**** EXERCISE INPUT ****

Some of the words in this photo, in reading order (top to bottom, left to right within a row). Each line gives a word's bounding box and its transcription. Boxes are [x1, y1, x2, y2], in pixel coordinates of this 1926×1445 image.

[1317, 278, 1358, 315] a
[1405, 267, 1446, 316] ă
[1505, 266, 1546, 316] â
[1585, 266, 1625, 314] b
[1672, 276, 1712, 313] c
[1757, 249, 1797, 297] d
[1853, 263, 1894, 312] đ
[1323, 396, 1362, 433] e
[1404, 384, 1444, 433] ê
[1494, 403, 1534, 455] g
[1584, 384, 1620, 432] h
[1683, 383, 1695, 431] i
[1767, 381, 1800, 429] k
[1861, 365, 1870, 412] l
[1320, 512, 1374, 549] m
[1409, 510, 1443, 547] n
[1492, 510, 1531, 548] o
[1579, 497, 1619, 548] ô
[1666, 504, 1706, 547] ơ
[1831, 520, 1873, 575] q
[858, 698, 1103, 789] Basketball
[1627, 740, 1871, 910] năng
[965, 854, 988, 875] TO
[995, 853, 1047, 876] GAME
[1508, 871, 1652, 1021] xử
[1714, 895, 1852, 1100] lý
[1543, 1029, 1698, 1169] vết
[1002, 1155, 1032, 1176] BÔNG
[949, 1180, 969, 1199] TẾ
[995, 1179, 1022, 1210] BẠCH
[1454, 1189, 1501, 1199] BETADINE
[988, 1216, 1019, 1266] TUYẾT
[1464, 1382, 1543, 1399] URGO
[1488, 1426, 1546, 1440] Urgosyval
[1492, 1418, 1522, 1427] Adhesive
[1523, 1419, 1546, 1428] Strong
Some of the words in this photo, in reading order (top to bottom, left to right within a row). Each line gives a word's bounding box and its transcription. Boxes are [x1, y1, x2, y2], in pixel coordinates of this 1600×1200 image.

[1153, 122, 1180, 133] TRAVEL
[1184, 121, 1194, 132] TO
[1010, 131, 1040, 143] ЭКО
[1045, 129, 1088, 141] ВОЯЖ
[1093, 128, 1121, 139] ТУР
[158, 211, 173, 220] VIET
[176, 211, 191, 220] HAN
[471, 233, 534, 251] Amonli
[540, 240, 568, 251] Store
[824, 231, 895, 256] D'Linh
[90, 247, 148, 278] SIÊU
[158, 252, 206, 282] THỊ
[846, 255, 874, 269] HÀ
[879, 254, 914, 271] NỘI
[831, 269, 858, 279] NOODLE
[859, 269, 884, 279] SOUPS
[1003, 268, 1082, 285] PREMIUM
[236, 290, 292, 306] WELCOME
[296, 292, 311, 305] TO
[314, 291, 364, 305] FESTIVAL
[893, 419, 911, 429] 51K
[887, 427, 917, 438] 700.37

****

Only the final stretch of the entries above is needed: print exactly the lines from the line containing "this 1600×1200 image." through the last one.

Some of the words in this photo, in reading order (top to bottom, left to right within a row). Each line gives a word's bounding box and its transcription. Boxes are [x1, y1, x2, y2], in pixel coordinates of this 1600×1200 image.

[1153, 122, 1180, 133] TRAVEL
[1184, 121, 1194, 132] TO
[1010, 131, 1040, 143] ЭКО
[1045, 129, 1088, 141] ВОЯЖ
[1093, 128, 1121, 139] ТУР
[158, 211, 173, 220] VIET
[176, 211, 191, 220] HAN
[471, 233, 534, 251] Amonli
[540, 240, 568, 251] Store
[824, 231, 895, 256] D'Linh
[90, 247, 148, 278] SIÊU
[158, 252, 206, 282] THỊ
[846, 255, 874, 269] HÀ
[879, 254, 914, 271] NỘI
[831, 269, 858, 279] NOODLE
[859, 269, 884, 279] SOUPS
[1003, 268, 1082, 285] PREMIUM
[236, 290, 292, 306] WELCOME
[296, 292, 311, 305] TO
[314, 291, 364, 305] FESTIVAL
[893, 419, 911, 429] 51K
[887, 427, 917, 438] 700.37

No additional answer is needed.